Animals throughout the ages and across cultures have been depicted in art in every imaginable form. Often they are the embodiment of our desires, needs and hopes, and as domesticated pets they have taken on a larger-than-usual role during the COVID pandemic. Their relationship to humans has proved essential. In art, animals are inspirational, symbolic, allegorical, and supernatural.
Crown Point Press presents Animals Among Us, a group exhibition that brings together 17 artists who have made prints with animals as subject. Birds are on display by Christopher Brown, Robert Kushner, Tom Marioni, Laura Owens, and Wayne Thiebaud. Jockum Nordstrom incorporates insects into a surreal landscape in the print titled House and Bugs. Nathan Oliveira’s Dogman is a richly textured drypoint of a dog superimposed on the profile of a man. The imagery “emphasizes the strong identification the artist perceives between the species: the human qualities of canines, the animal nature of humans,” wrote Joann Moser in the exhibition catalog, Nathan Oliveira (San Jose Museum of Art, 2002). A black, bumpy, comically menacing tropical frog stares at us in Plain Rain Frog, a photogravure by Susan Middleton. The velvety red and black Double Lunar Dogs by performance artist Joan Jonas are mirrored profiles of two regal canines.
Animal Music for the Spheres (1996) (shown above), a large, airy, colorful etching by William T. Wiley, captures a universal relationship between animals and the cosmos.
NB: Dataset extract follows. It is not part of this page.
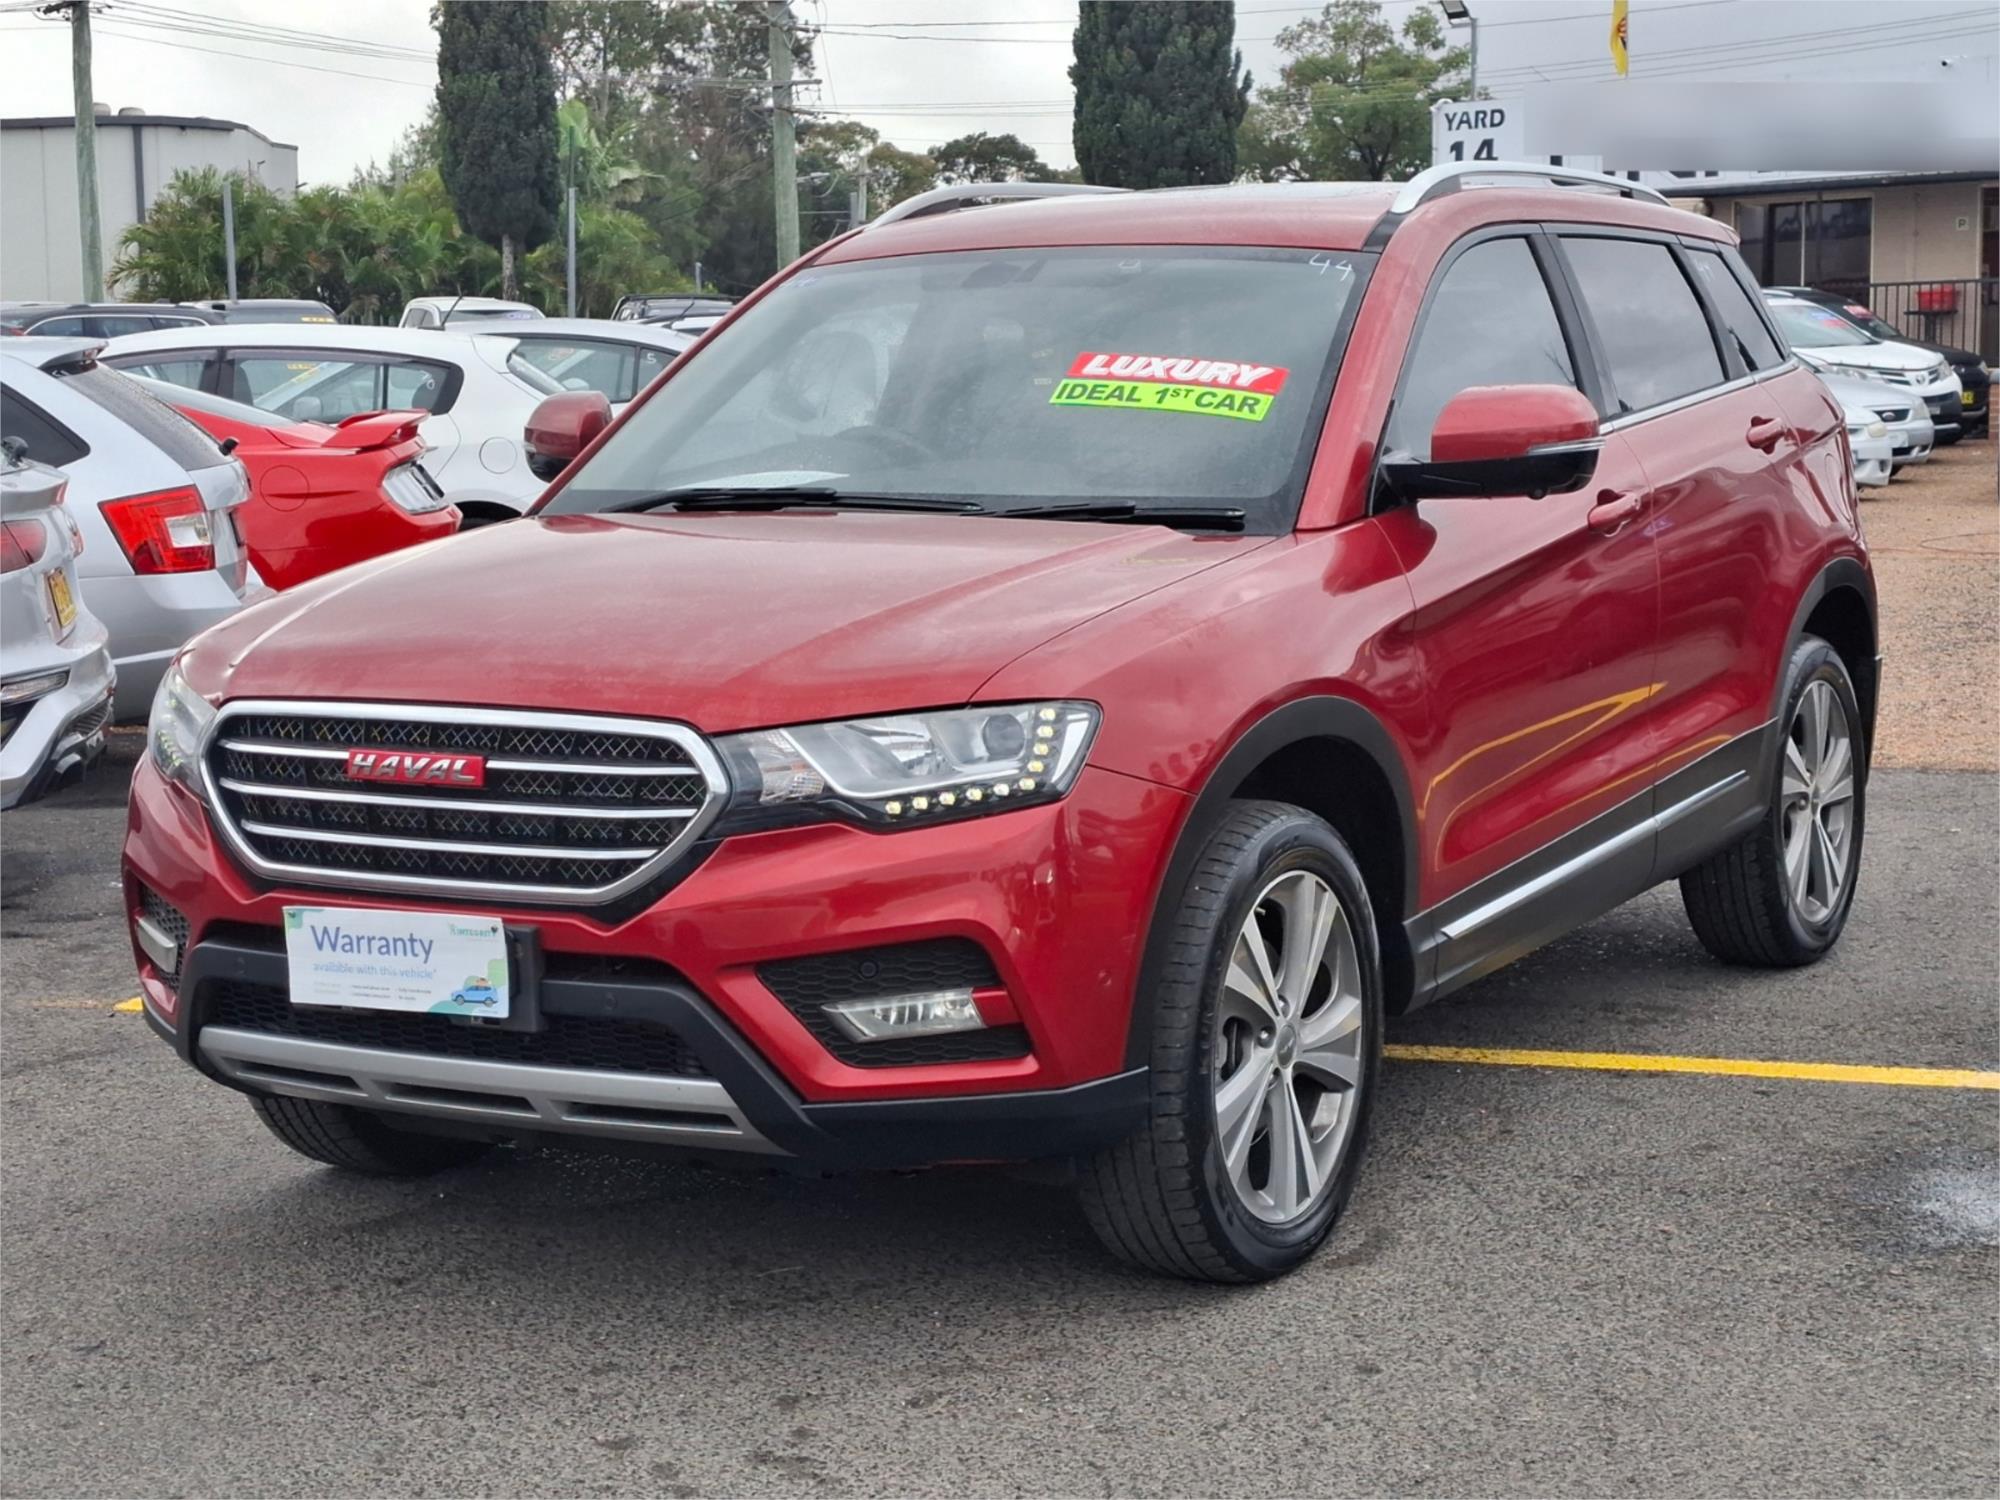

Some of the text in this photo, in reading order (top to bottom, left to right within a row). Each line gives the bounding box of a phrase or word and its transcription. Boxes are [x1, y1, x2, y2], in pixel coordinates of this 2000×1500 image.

The small dachshund on the lower left bottom of the print grounds us in the regular world while a crab, monkey, bear and lion twirl across and around the negative space. A planet-like sphere at the center dictates their movements. William T. Wiley (1937 – 2021) began making art when abstract expressionism ruled the art world; over the course of his career he rejected minimalism, conceptual art, and other trends. Instead, he made his way by developing a style all his own. His irreverent art can seem offhand, but Wiley was deeply committed to the overall meaning of each work. His first project at Crown Point was in 1978.
David True’s large colorful woodcut, Cut Flowers, Unexpected (1989) is alive with vivid reds and oranges. Poppies are scattered across the image field and a whale rises from a white spray of water. The association of the poppies with the imagined vista implies a hallucination. John Yau wrote in an exhibition catalog from 1986 that the artist “Tries to discover the pleasures of belief. [And he] knows that only by entering the realm of the imagination can one find clues about the nature of reality.” True’s imagery points to abstract concepts while often encouraging a search for meaning and attention.
Animals Among Us is on view in the Crown Point Gallery at 20 Hawthorne Street, San Francisco, November 15 – December 30. Crown Point Press is committed to limiting the spread of COVID-19 and keeping our staff and clients healthy. All visitors to the Crown Point building must wear masks at all times. Our hours are Monday - Friday, 9AM-5PM.